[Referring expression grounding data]
-------
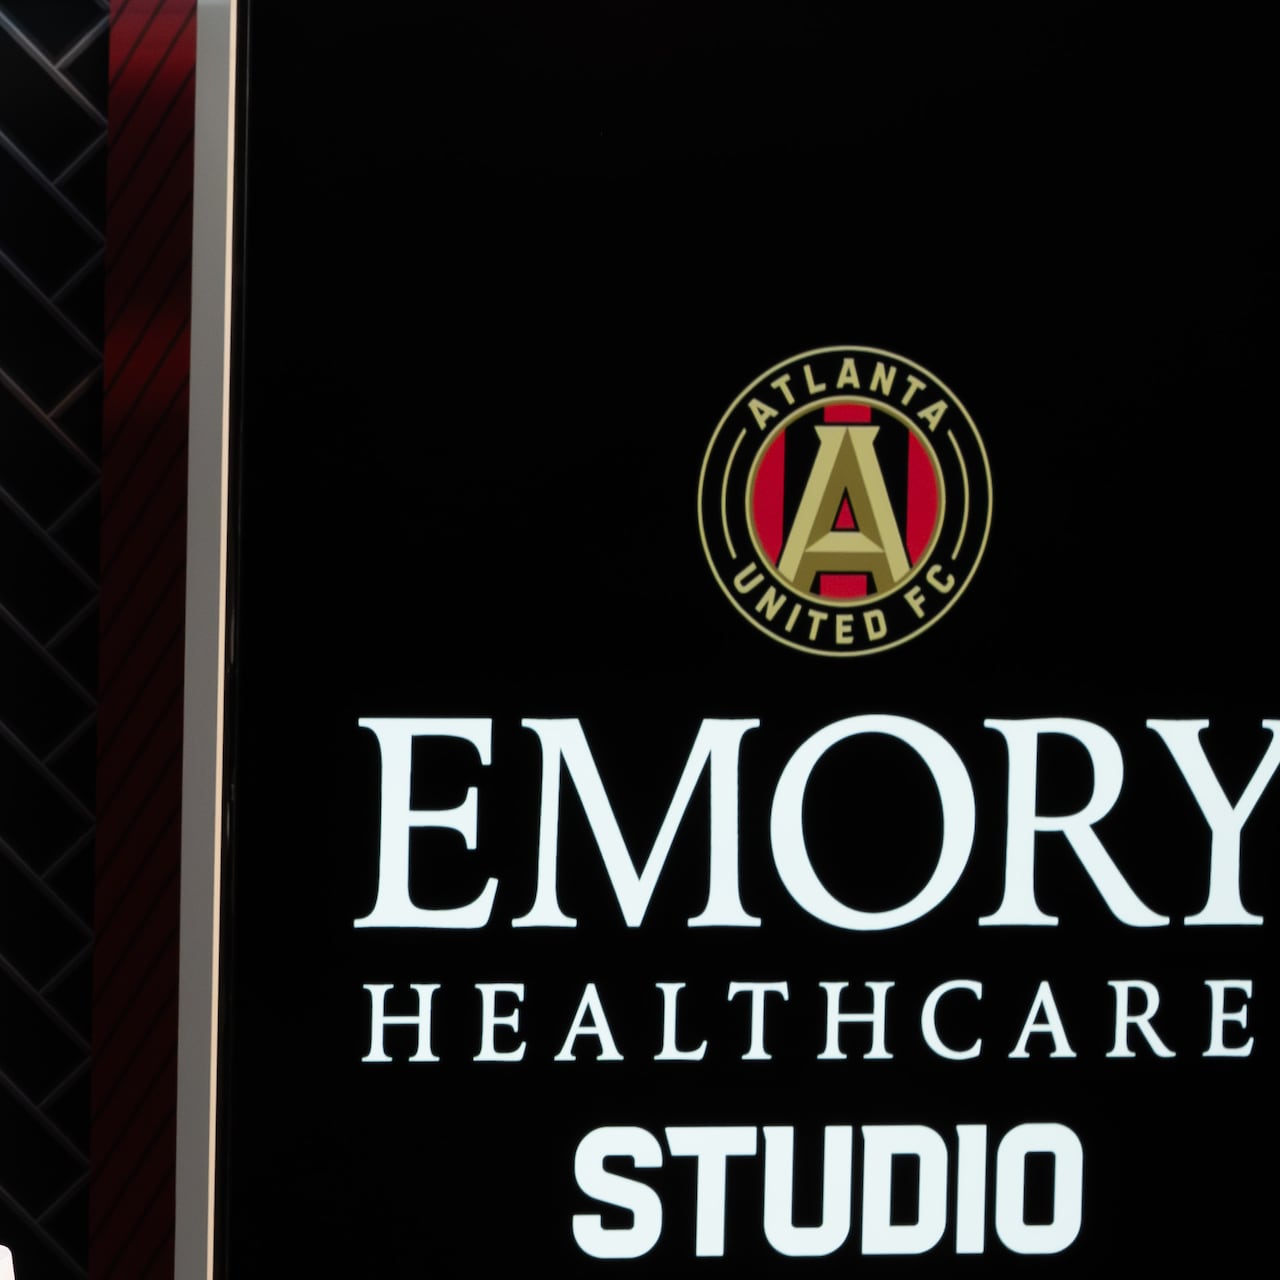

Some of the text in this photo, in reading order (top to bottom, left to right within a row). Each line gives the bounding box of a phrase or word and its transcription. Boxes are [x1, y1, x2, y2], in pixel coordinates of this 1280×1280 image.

[747, 357, 949, 432] ATLANTA
[733, 562, 956, 644] UNITED FC
[353, 714, 1280, 931] EMORY
[362, 979, 1254, 1063] HEALTHCARE
[572, 1122, 1083, 1259] STUDIO
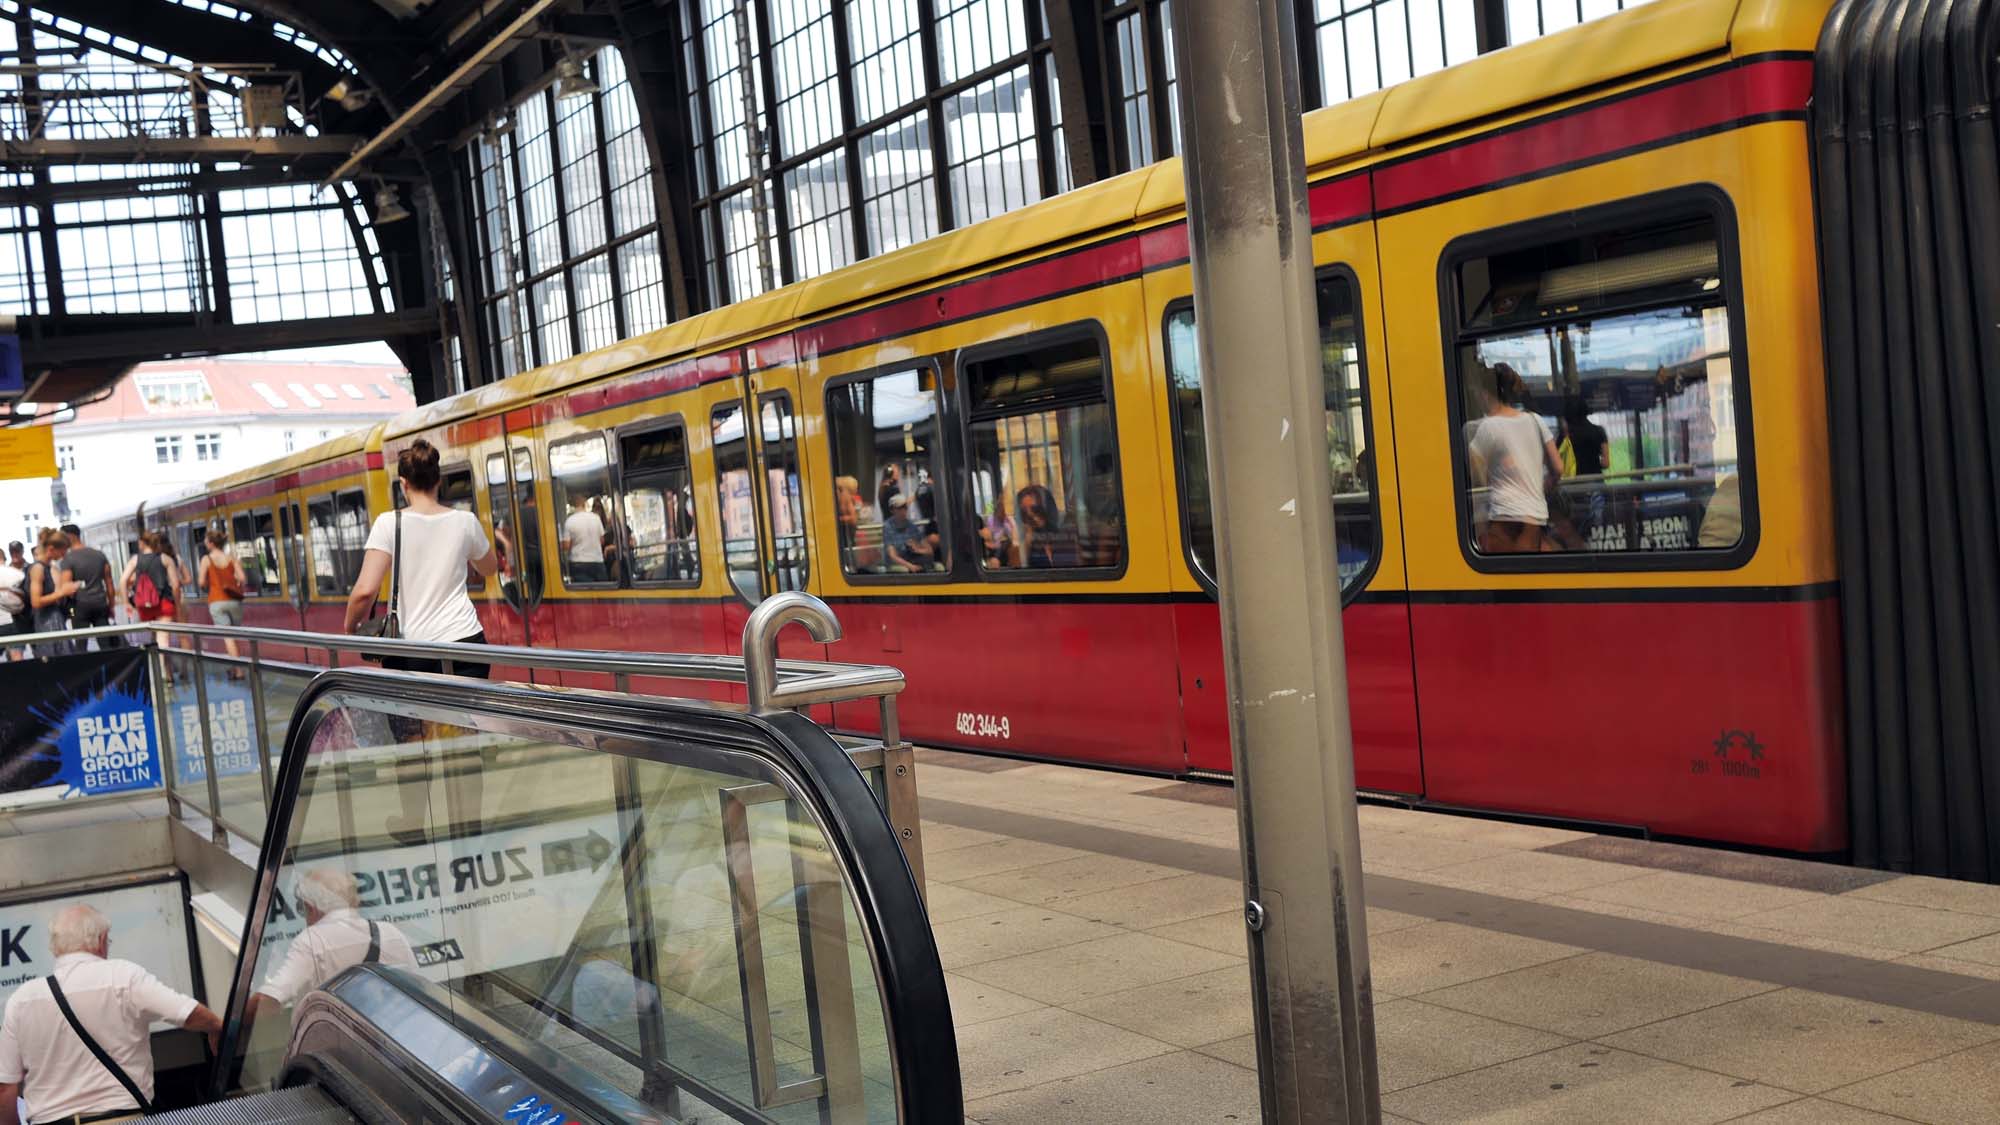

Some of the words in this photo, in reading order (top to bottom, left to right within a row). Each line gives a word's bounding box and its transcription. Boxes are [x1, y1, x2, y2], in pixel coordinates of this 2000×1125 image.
-------
§ The problem: Except for the pictures, give the data again word for word.

§ Problem solution:
Some of the text in this photo, in reading order (top to bottom, left to right within a row). Each line gives the bounding box of a phrase or word and its transcription. Boxes are [x1, y1, x2, y2], in pixel coordinates of this 1280×1280 image.

[747, 357, 949, 432] ATLANTA
[733, 562, 956, 644] UNITED FC
[353, 714, 1280, 931] EMORY
[362, 979, 1254, 1063] HEALTHCARE
[572, 1122, 1083, 1259] STUDIO

Some of the words in this photo, in reading order (top to bottom, left to right within a row). Each line gives a word's bounding box and its transcription. Boxes are [x1, y1, x2, y2], in pixel coordinates of this 2000×1125 image.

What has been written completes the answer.